== RECORDS SUPPLIED ==
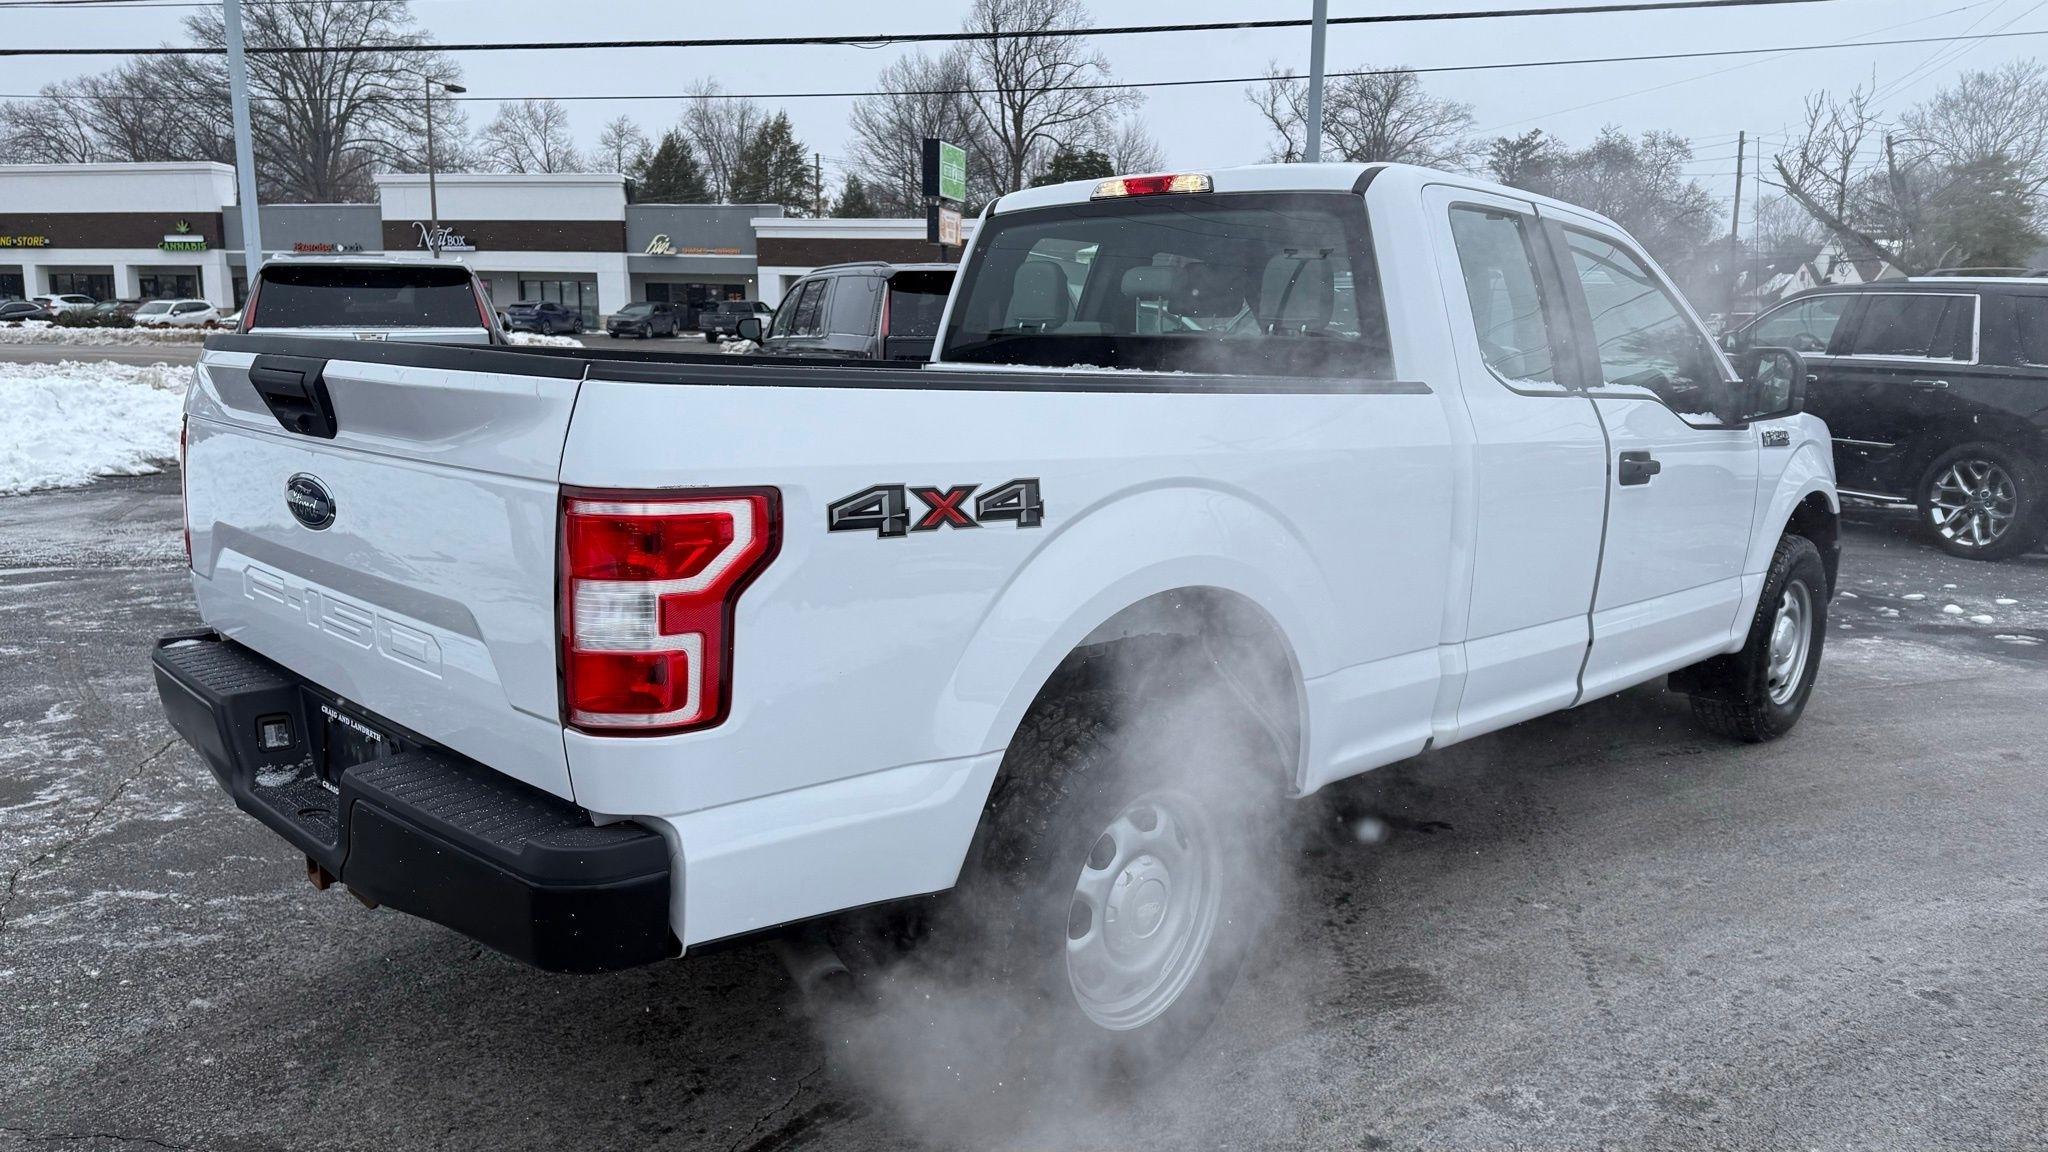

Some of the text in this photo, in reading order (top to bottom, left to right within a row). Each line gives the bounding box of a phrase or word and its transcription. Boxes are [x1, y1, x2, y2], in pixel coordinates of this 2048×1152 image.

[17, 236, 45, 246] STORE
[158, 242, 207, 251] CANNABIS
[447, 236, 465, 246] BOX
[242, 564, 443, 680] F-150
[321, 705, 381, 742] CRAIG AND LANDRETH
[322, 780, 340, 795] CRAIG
===
WHAT THE TASK REQUIRES
Make an exact copy of the records above, one that has none of the pictures.

ANSWER FOR THE TASK
Some of the text in this photo, in reading order (top to bottom, left to right within a row). Each line gives the bounding box of a phrase or word and its transcription. Boxes are [x1, y1, x2, y2], in pixel coordinates of this 2048×1152 image.

[17, 236, 45, 246] STORE
[158, 242, 207, 251] CANNABIS
[447, 236, 465, 246] BOX
[242, 564, 443, 680] F-150
[321, 705, 381, 742] CRAIG AND LANDRETH
[322, 780, 340, 795] CRAIG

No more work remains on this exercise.